[[ LISTED RECORDS open ]]

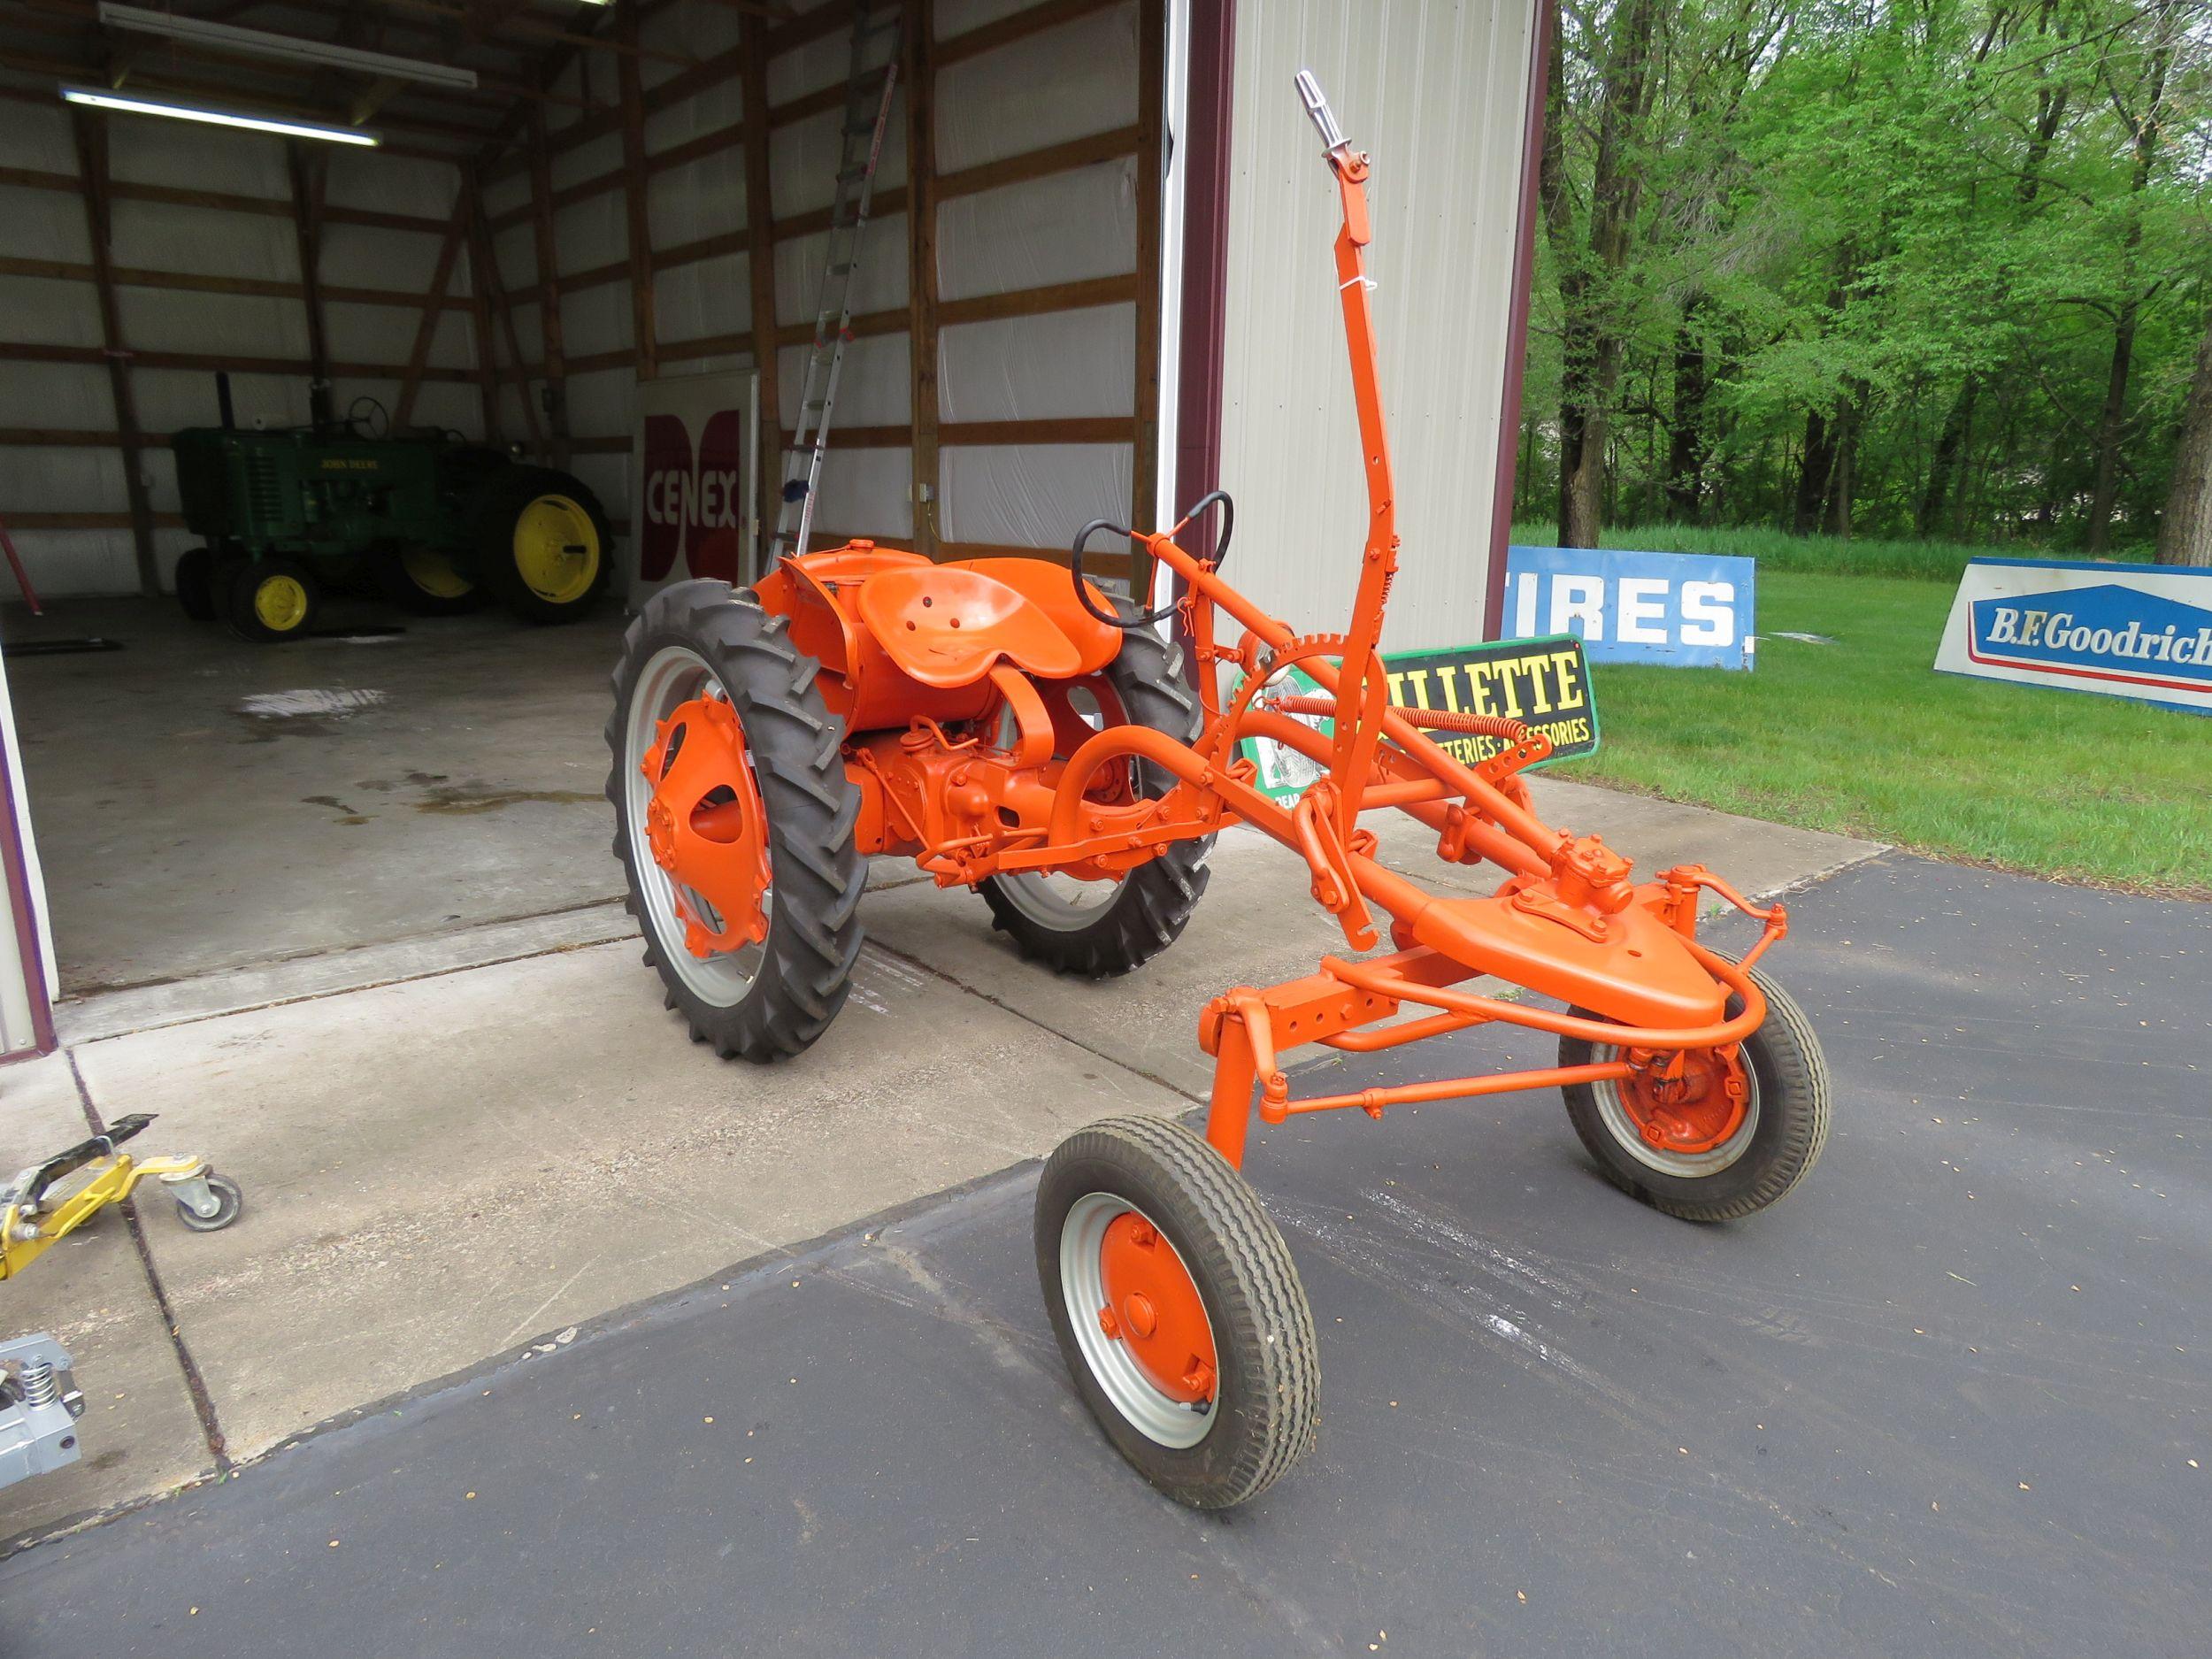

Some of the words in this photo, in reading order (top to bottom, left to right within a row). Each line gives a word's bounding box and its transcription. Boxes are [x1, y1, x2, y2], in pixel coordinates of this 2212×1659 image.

[647, 469, 737, 529] CENEX
[1505, 572, 1734, 648] IRES
[1360, 650, 1585, 741] ILLETTE
[1439, 734, 1497, 765] TERIES
[1503, 718, 1590, 752] AESORIES
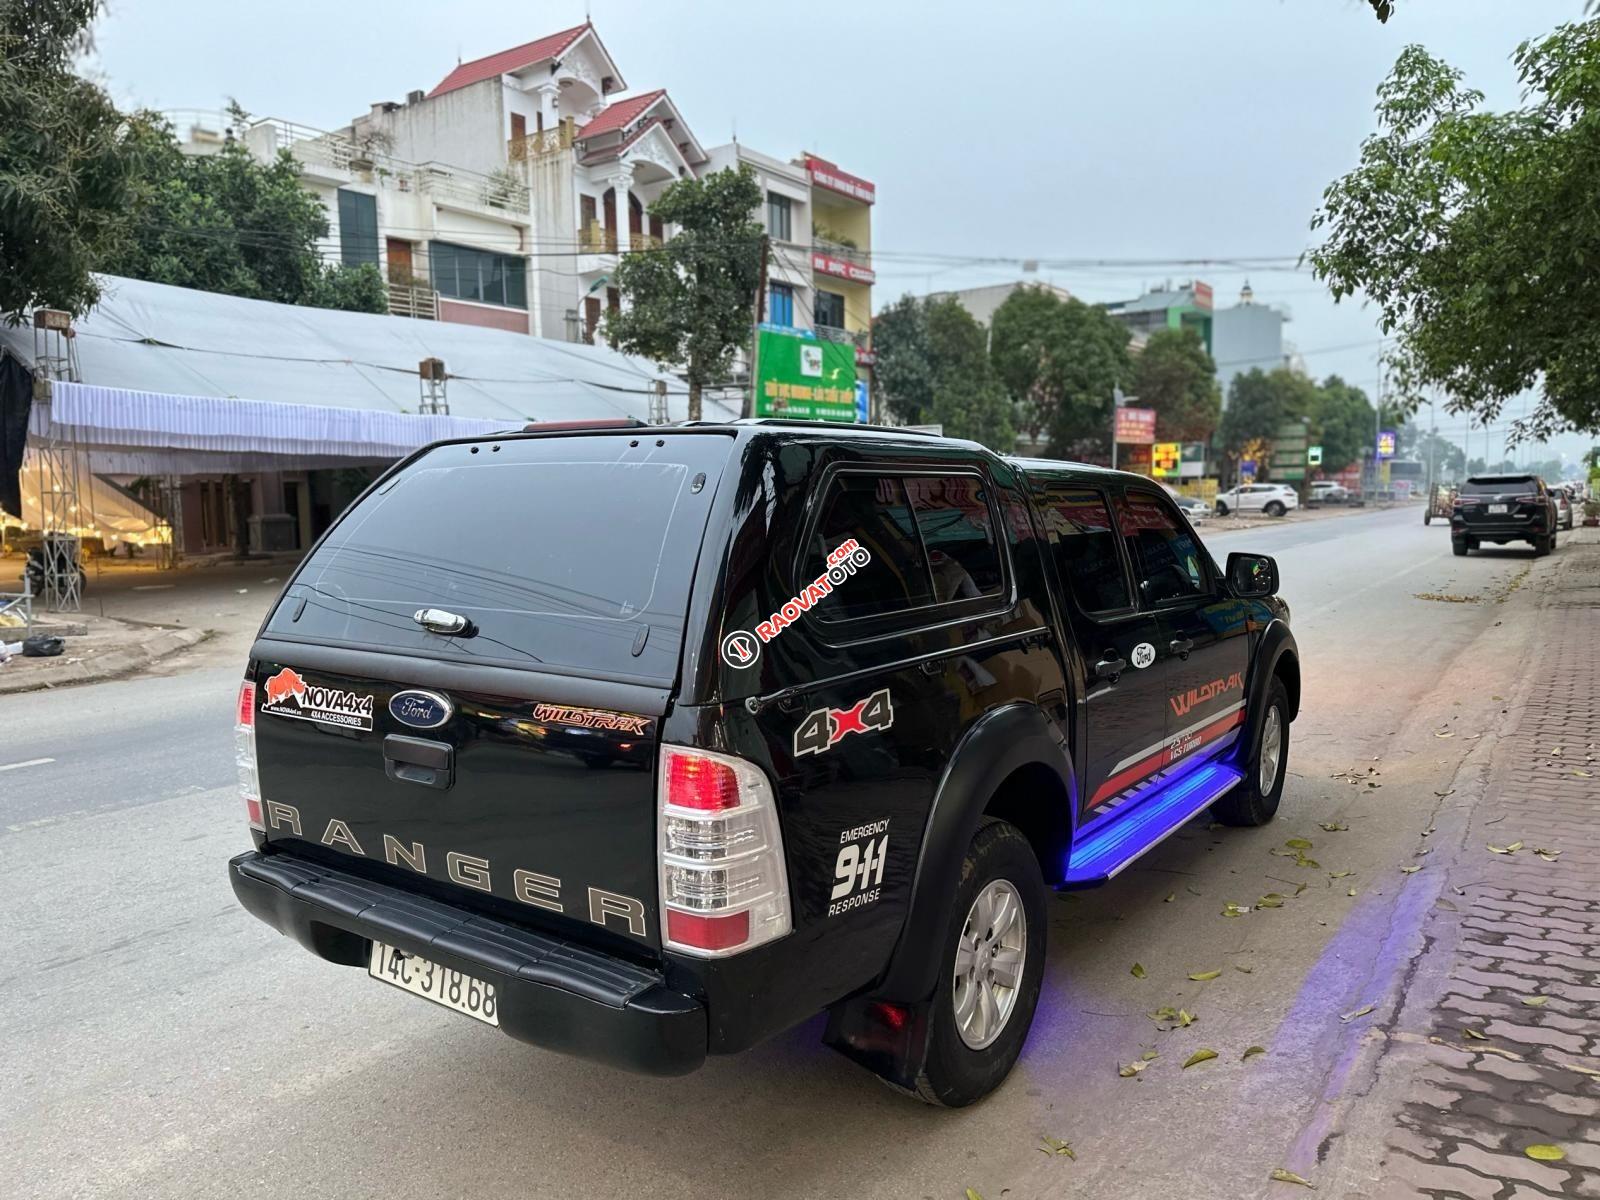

[[ LISTED RECORDS closed ]]

TASK: A word-for-word copy of the records is required. Leave out every picture.

ANSWER BOX:
Some of the words in this photo, in reading order (top to bottom, left to right within a row). Each line gives a word's bounding box and its transcription. Boxes are [x1, y1, x2, y2], in pixel coordinates of this 2212×1659 image.

[647, 469, 737, 529] CENEX
[1505, 572, 1734, 648] IRES
[1360, 650, 1585, 741] ILLETTE
[1439, 734, 1497, 765] TERIES
[1503, 718, 1590, 752] AESORIES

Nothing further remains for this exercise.